More than 40 scientists have signed an open letter calling for the retraction of a study which made "extraordinary claims" that airborne transmission could be the dominant mode of spread of COVID-19.
The study, which was published last week in the journal PNAS, compared COVID-19 case counts and measures enforced in China's Wuhan city, Italy, and New York City in the US, and noted that wearing of face masks in public corresponds to the most effective means to prevent the spread of COVID-19.
In the open letter, scientists including Noah Haber from Stanford University in the US, said the PNAS study had methodological design flaws and made "easily falsifiable claims."
According to the open letter, the main conclusions of the study are based on the comparison of disease control measures, case count trends within and between Wuhan, Italy, and New York City (NYC).
However, it said the PNAS study ignored other clear differences in disease control policy between these places, including broader variation in face mask policy.
"In one critical example, the paper asserts that after April 3, the only difference in regulatory measures between NYC and the US lies in face coverings on April 17 in NYC. This is verifiably false, based on widely available sources," the open letter noted.
"It is flatly untrue that there were no other regulatory differences between NYC and the rest of the US on those dates," it said.
The open letter said the study's analysis ignored the lag between changes in disease transmission and changes in reported case counts.

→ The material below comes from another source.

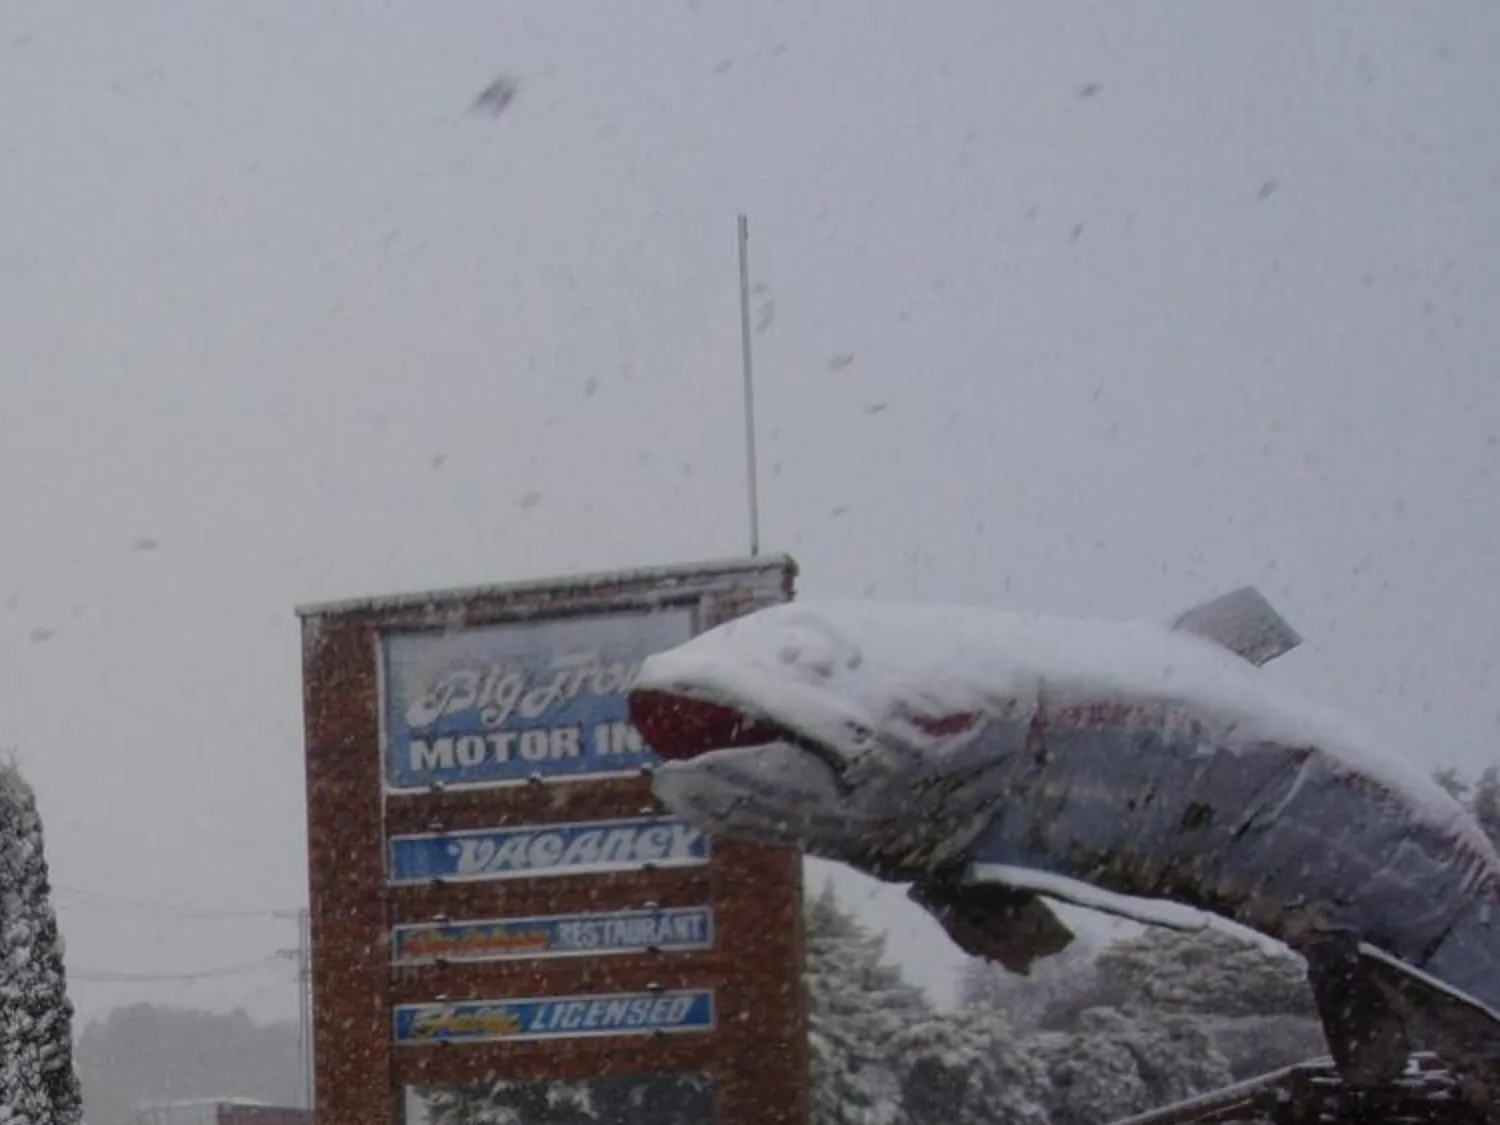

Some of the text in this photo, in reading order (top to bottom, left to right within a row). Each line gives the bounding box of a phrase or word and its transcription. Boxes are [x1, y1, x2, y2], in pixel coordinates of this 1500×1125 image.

It said the policy implementation dates considered in the study are extremely poor proxies for mass behaviours, including social distancing and mask use.
"Dates of policy implementation were concurrent with an enormous set of changes across society which plausibly affected reported incidence of COVID-19," the scientists noted in the open letter.
According to the scientists, case counts in the PNAS study were modelled with simple linear regressions, which they said is not consistent with infectious disease dynamics.
The scientists also reasoned that factors like demographics, public policies, and contact behaviours of people in Wuhan, Italy, and NYC were treated as equivalent, which they added was inappropriate.
"Any one of the above issues in isolation would be cause for serious concern, but in combination, they are alarming," the open letter noted.
"While masks are almost certainly an effective public health measure for preventing and slowing the spread of SARS-CoV-2, the claims presented in this study are dangerously misleading and lack any basis in evidence," the scientists said.
Due to the scale, scope, and intensity of the issues in the PNAS study, and the immediacy of the decisions being made based on its conclusions, they believe it is now impossible to correct or extend debate on the research within the academic literature.
"Accordingly, we ask that the editorial board of PNAS retract this paper immediately," they said.